Sanidad afirma que el tabaquismo cuesta 8.781 millones a los empresarios - El ministerio calcula que la norma ahorrará 90 millones al año a los hosteleros

La ley sobre el tabaco que va a entrar en vigor el 2 de enero ha incluido un punto que ha pasado casi inadvertido, pero que es una vuelta de tuerca más sobre la legislación anterior. Se trata de que la prohibición de fumar no se restringe a todos los espacios públicos cerrados. En el apartado X del artículo 7, que es el que establece dónde está prohibido fumar, se incorpora una novedad: después de enumerar todas las posibilidades (bares, restaurantes, espacios educativos, sanitarios, paradas de autobús, estaciones, aeropuertos... etcétera), se añade que la restricción es de aplicación "en todos los demás espacios cerrados de uso público o colectivo".

Es la última palabra de esta formulación la que añade a las prohibiciones unos espacios que hasta ahora no se encontraban incluidos. Según un documento interno del Ministerio de Sanidad para explicar la nueva normativa, en un apartado de preguntas más frecuentes, esta definición incluye "los pasillos, escaleras y portales de comunidades de vecinos".

Todos los espacios colectivos cerrados deberán quedar libres de humo

Con menos consumo habrá menos absentismo, según Sanidad

También se refiere a todas las zonas cerradas de las comunidades de vecinos (zonas de juegos, zonas comunes, piscinas, clubes sociales) salvo que sean "espacios al aire libre y que no estén acotadas como zonas infantiles". Es decir, los vecinos no se podrán poner de acuerdo para que una sala de reuniones o que utilicen para otras actividades sea para fumadores. Tampoco podrán encenderse pitillos en el portal o en la escalera común. En los ascensores ya estaba prohibido.
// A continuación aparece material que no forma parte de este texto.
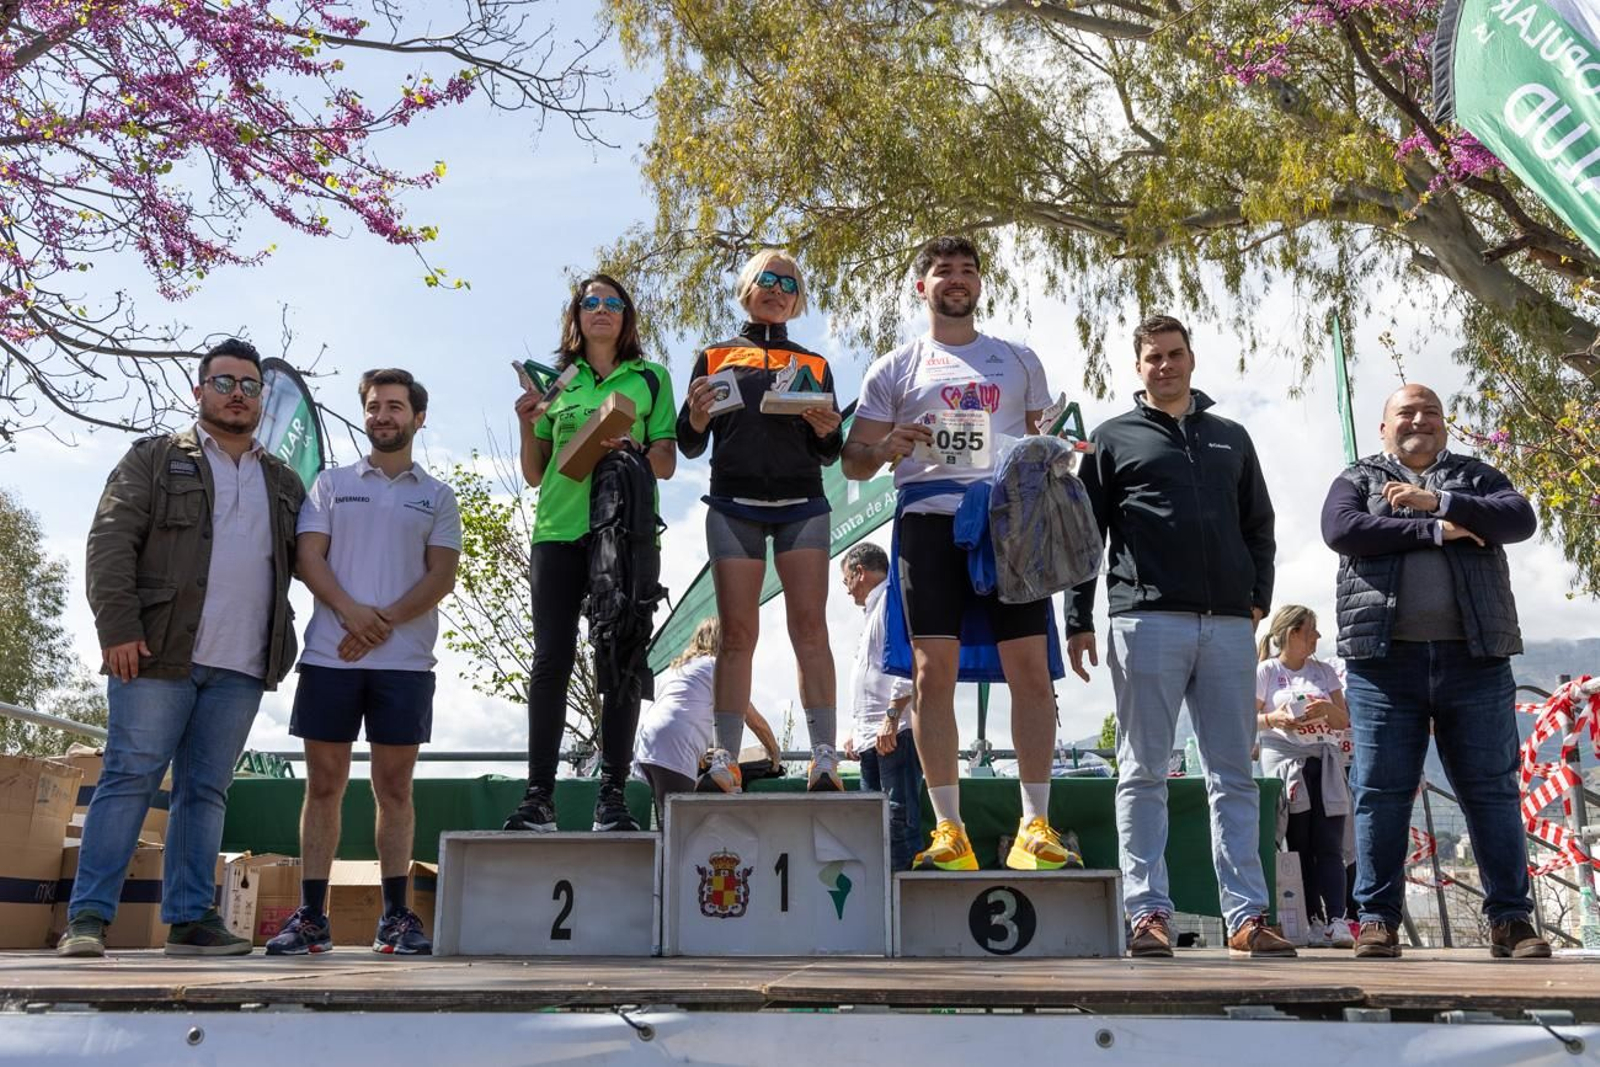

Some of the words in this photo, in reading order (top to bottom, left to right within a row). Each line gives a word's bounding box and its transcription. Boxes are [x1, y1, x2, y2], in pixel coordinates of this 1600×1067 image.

[866, 502, 882, 518] de
[551, 880, 573, 940] 2
[775, 853, 788, 912] 1
[987, 889, 1019, 951] 3
En este documento, al que ha tenido acceso EL PAÍS y que podría considerarse un argumentario, también se explican los beneficios económicos para el Estado y las empresas de las prohibiciones de fumar.

En estas cuentas -que no se sabe cómo se han hecho, pero que se refieren a trabajos varios publicados por personas ajenas al ministerio-, se cifra el perjuicio del tabaquismo en las industrias en 8.781 millones de euros cada año, lo que quiere decir que "cada trabajador que fuma en España cuesta a su empresa unos 1.700 euros al año", con datos de 2008.

Esta cifra se debe a tres aspectos: "Costes sanitarios directos atribuibles a la patología asociada a la exposición al humo ambiental de tabaco", descenso de la productividad por el tiempo empleado en "los descansos para fumar" y el "absentismo laboral por patología asociada a la exposición al humo ambiental de tabaco" y los "costes de limpieza y mantenimiento de los edificios (lugares de trabajo)".

En respuesta a las críticas de los hosteleros, que insisten en que la ley supondrá unas perdidas del 10% de su facturación y de 70.000 puestos de trabajo, el Ministerio de Sanidad insiste en que "numerosos estudios realizados en países donde las leyes de control del tabaquismo entraron en vigor antes que en España han demostrado que estas no han tenido efectos negativos sobre el sector hostelero y en algún caso el efecto ha sido positivo". Y el documento va más allá, y calcula que este sector sufre aún más los efectos del tabaquismo, "ya que al coste que genera el consumo de tabaco de los trabajadores, hay que sumarle el derivado del consumo de tabaco de los clientes".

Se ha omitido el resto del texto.